Yetmişinci Bölüm

45K 2.8K 562
                                    


Ben...

Kendimi bu kadar salak hissetmemiştim.

Elinde iki adet bilet tutan adama bakarken utancımdan ölmek üzereydim. Yer yarılmalı. Ve ben içine düşmeliydim. Ancak bu şekilde düzlüğe çıkabilirdim. Salak! Salak! Salak! Hem de ne salak! Daha kaç kez tekrarlamalıydım? Daha kaç kez kendime hatırlatmalıydım? Konu Mehmet Ayaz Artuklu ise bir sonraki adıma geçmeden önce kırk düşünmeliydim. Düşünmedin ama. Düşünemedim.

Şimdi ise bu komik durumun orta yerindeydim.

Beni öldürmeyen utancım yaka paça yerlerde sürüklüyordu.

"Ben-sandım." Ne? Ne sanabilirim? Şu kontrolsüz heyecanımı nasıl açıklayabilirdim?

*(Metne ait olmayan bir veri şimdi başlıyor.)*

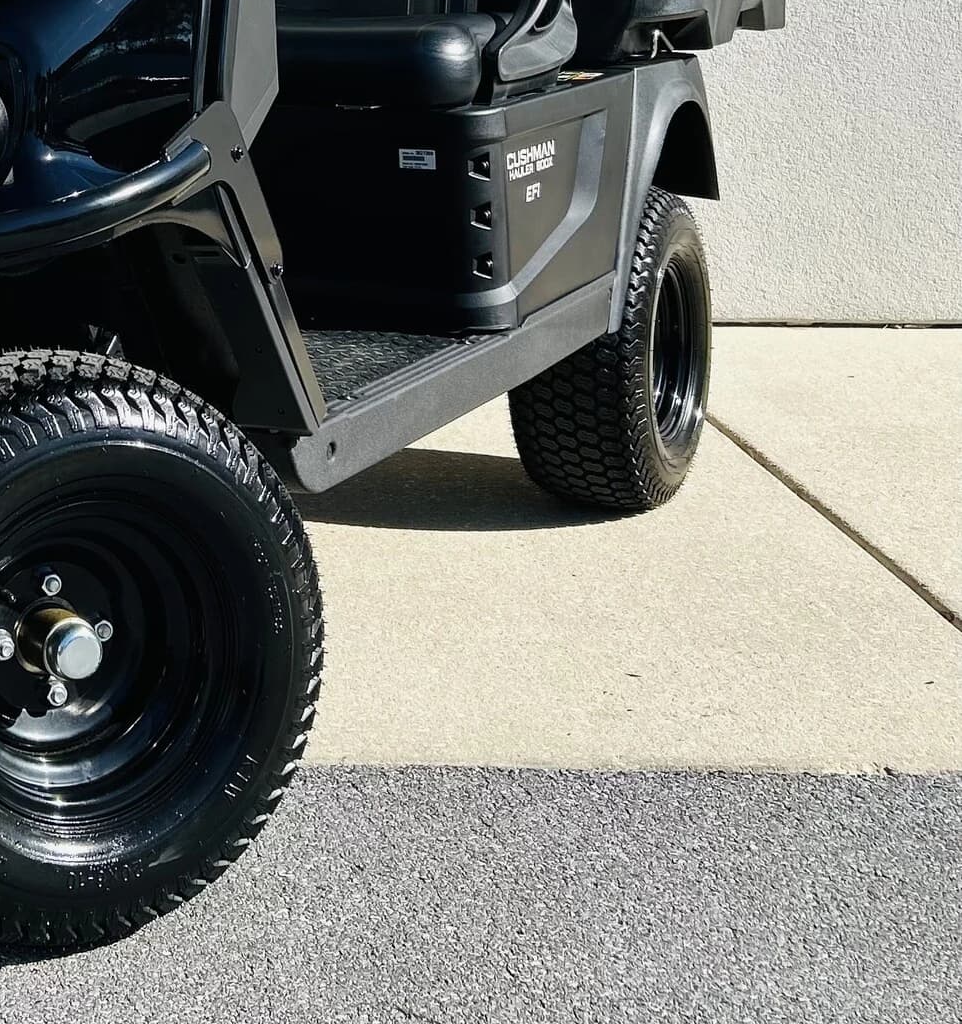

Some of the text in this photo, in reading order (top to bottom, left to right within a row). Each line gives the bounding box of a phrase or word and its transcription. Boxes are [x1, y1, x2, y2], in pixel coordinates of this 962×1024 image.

[506, 139, 555, 170] CUSHMAN
[509, 162, 534, 182] HAULER
[525, 182, 541, 203] EFI

Bana anlamlandıramayan gözlerle bakan bu adamı ne ikna edebilirdi?

Az önce gelişen sahneyi bir evlilik teklifi olarak yorumlamak mı?

Beynimi nerede unuttuğumu sorarlardı.

Paris, aşk, romantizm, ışıklar, duygular... Benim bir suçum yoktu. Klasikleşen Eyfel Kulesi- Bir saniye? Ah, teşekkür ederim Allah'ım. Dönerek yanımda kalan kuleyi gösterdim kollarımı kocaman açarak. "Orası." Bir kaşını kaldırdı. "Oraya gideceğiz sandım." Sonuçta Eyfel Kulesi'ne çıkmak büyük bir olay sayılırdı. "Yukarı çıkmadım hiç." Pinokyo Leyla. Pinokyo Leyla. Pinokyo Leyla. Burnum karıncalanıyordu.

Beni sessizce izliyordu.

İnanmış mıydı?

"Başka ne sanabilirim ki? Kule tabi ki..." dedim ısrarla. "Çıkmayacak mıyız?"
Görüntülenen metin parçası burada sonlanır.